Thanks for all the suggestions, people. Keep 'em coming.
I was going to say Shaun of the Dead but someone else suggested it. However, I have another one. It's also a romantic comedy, I dont usually like them, but it won me over when I saw it years ago:
Bubble Boy http://www.youtube.com/watch?v=NJ7a9lMSwL8
Girl meets boy, boy lives in a bubble because he is allergic to everything. Girl decide to marry a douchebag. Boy decides to stop the wedding travelling across the country inside a bubble. Boy meets Danny Trejo and Verne Troyer on the way and help him to get on time to stop the wedding.
Inspiring and funny stuff. Perfect if you don't like girly romantic comedies.
Post edited February 12, 2013 by mario.arreola
Joe Vs. the Volcano, one of my favorite films. Believe it or not, it starts Tom Hanks and Meg Ryan, but it never seems to get mentioned alongside their other films together.

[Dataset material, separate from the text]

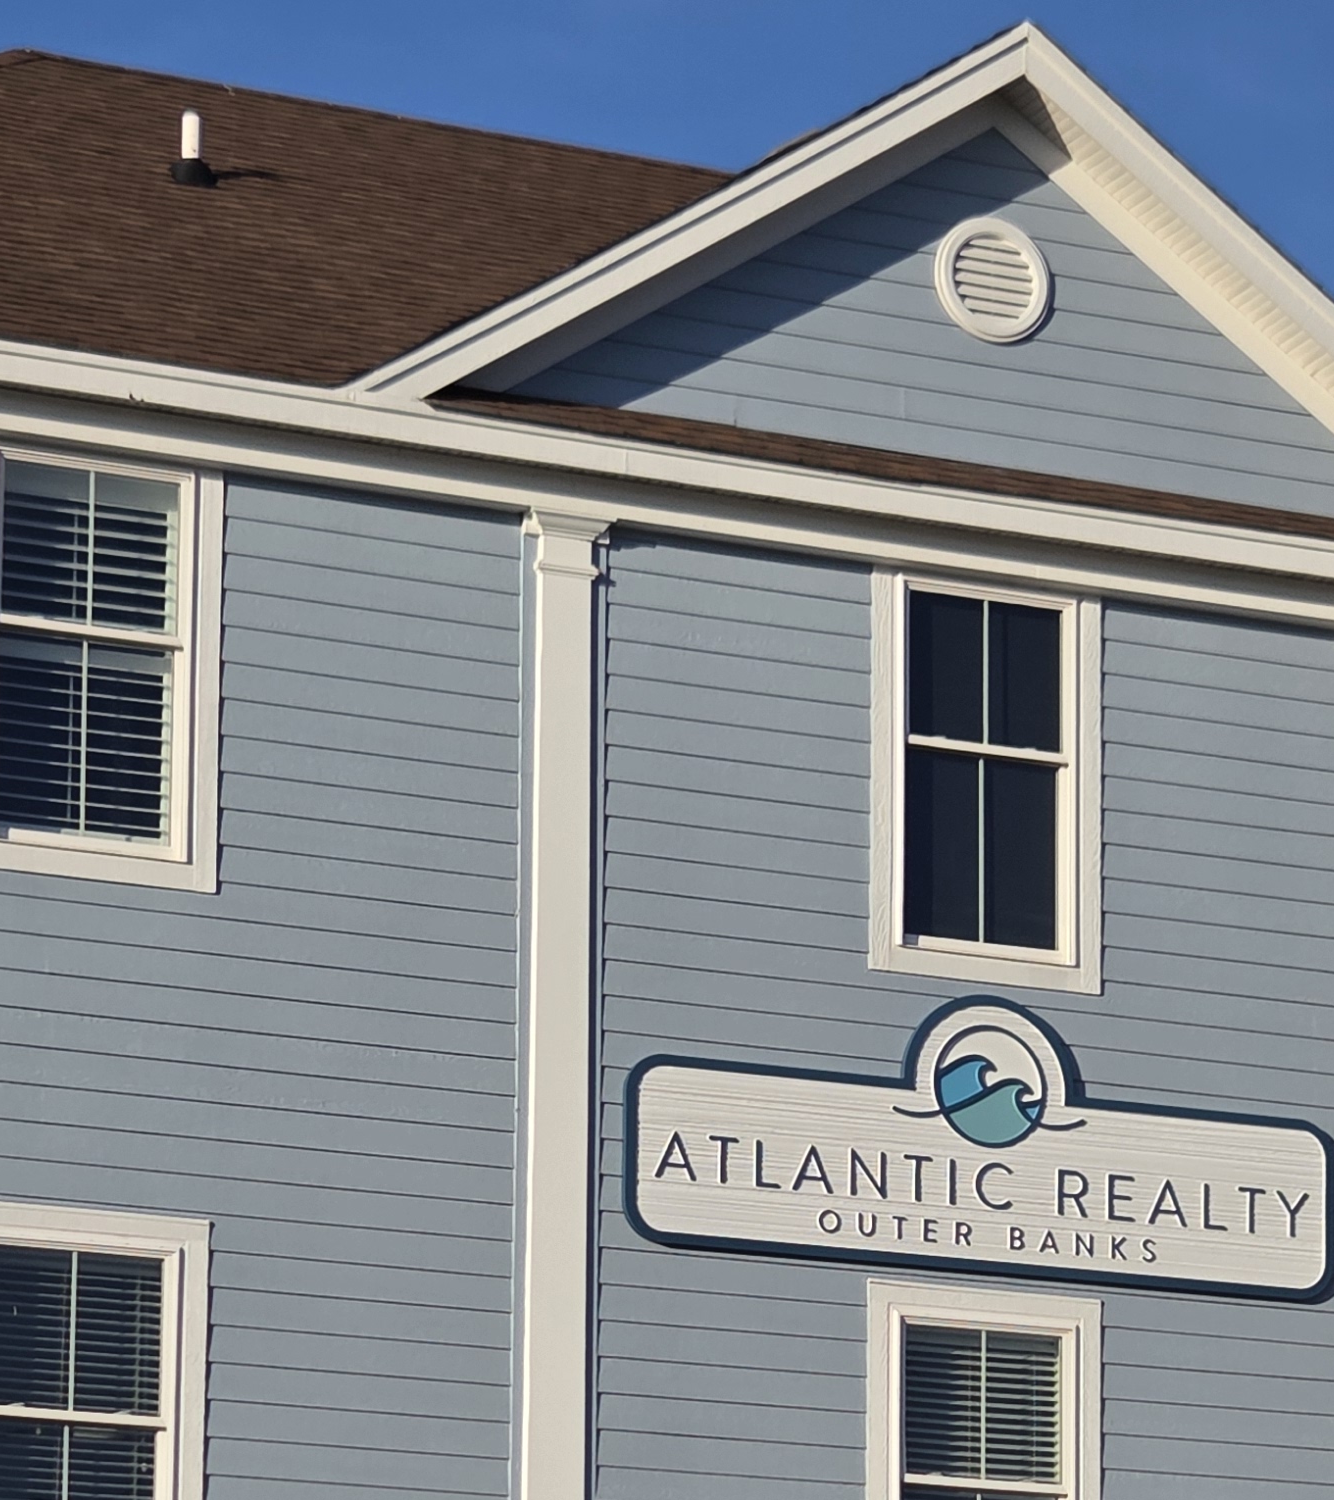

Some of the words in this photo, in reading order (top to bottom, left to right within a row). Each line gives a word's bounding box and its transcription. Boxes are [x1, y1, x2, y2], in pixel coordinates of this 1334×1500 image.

It's a unique kind of comedy, involving a man with a short time to live, a woman (or is it three women?), some amazing steamer trunks, the world's worst job, and, of course, a volcano.

The opening sequence, soundtracked by the song "16 Tons" is a masterpiece in and of itself, but the movie really just takes off from there.

Love hinted at, love miscast, and finally love itself for real, by the biggest full moon you've ever seen and accompanied by Tom Hanks on ukelele.

Do yourself a favor. Watch this movie.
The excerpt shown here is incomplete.